* Instructions to follow:
For this exercise, repeat the whole listing below exactly. Leave the pictures out.
•••••
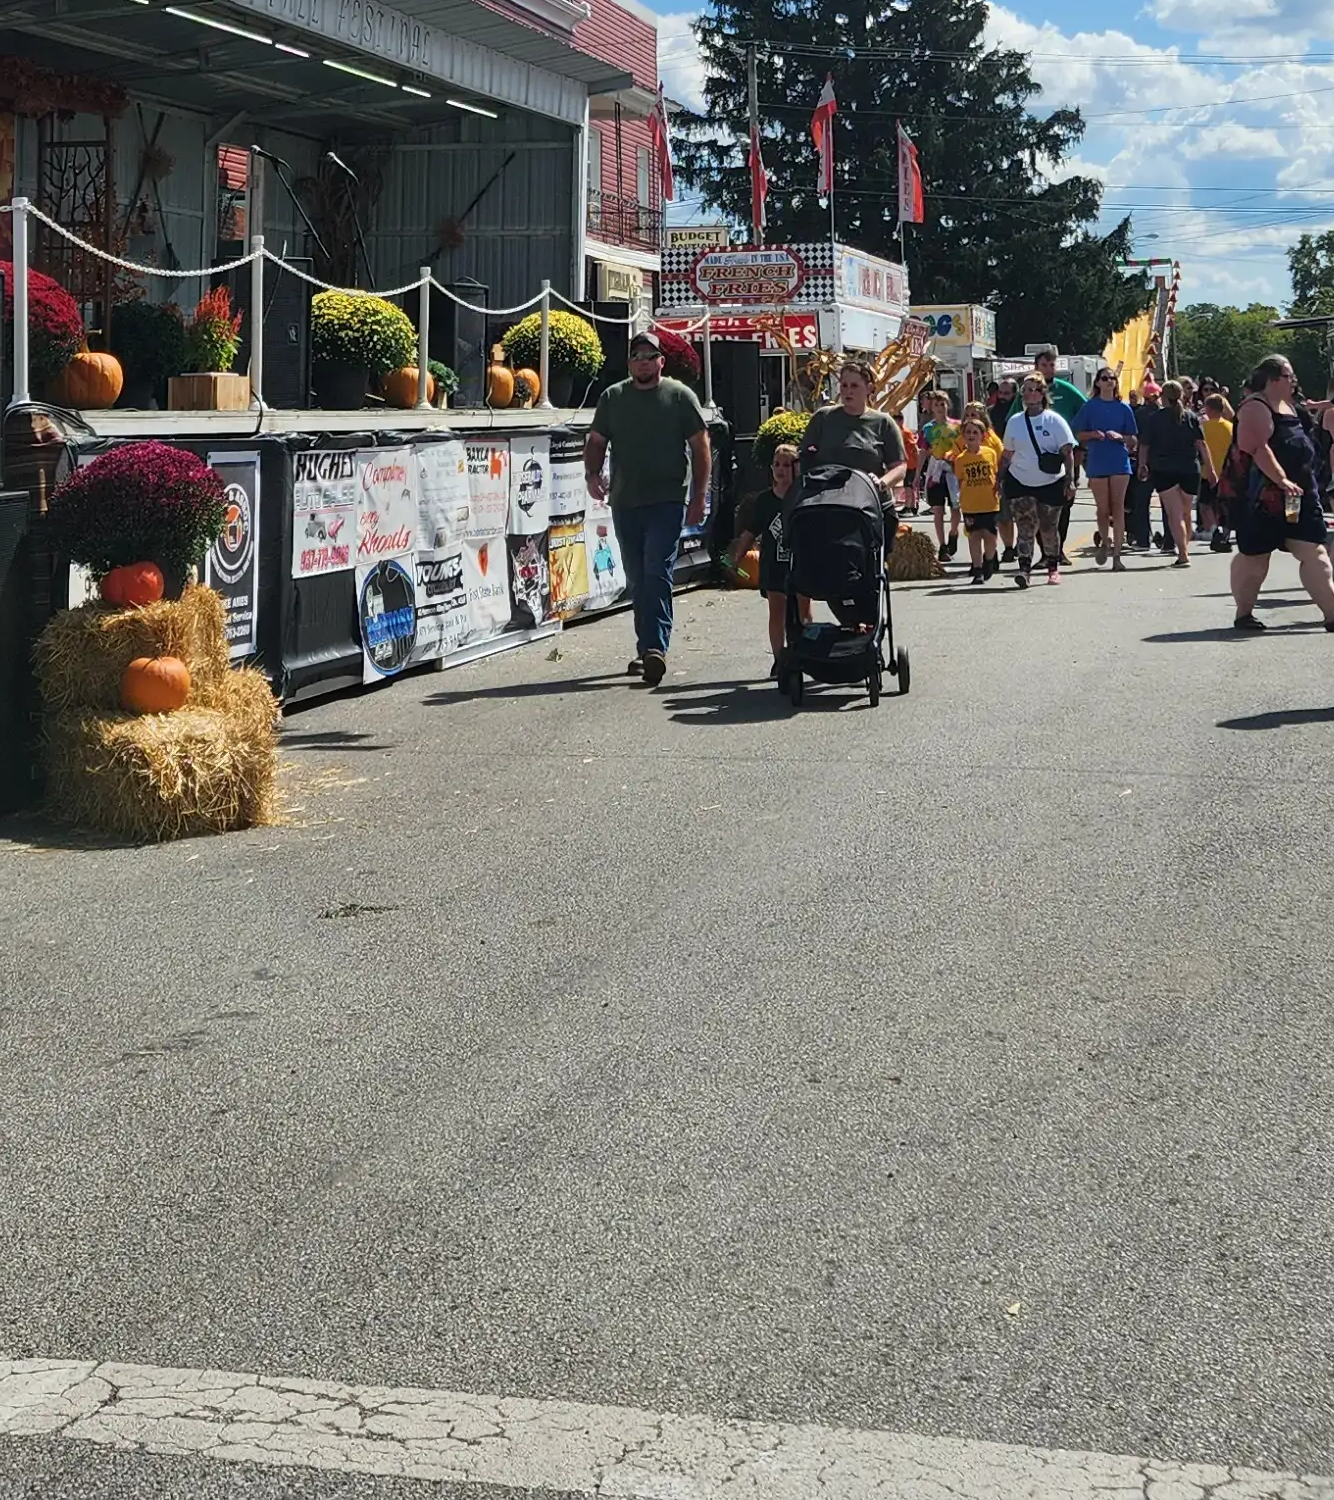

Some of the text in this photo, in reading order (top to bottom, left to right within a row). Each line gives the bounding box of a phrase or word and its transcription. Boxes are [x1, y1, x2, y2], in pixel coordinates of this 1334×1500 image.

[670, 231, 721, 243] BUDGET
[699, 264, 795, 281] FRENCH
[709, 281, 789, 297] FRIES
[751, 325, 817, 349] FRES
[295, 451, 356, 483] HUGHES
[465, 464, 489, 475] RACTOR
•••••
* Answer to this exercise:
Some of the text in this photo, in reading order (top to bottom, left to right within a row). Each line gives the bounding box of a phrase or word and its transcription. Boxes are [x1, y1, x2, y2], in pixel coordinates of this 1334×1500 image.

[670, 231, 721, 243] BUDGET
[699, 264, 795, 281] FRENCH
[709, 281, 789, 297] FRIES
[751, 325, 817, 349] FRES
[295, 451, 356, 483] HUGHES
[465, 464, 489, 475] RACTOR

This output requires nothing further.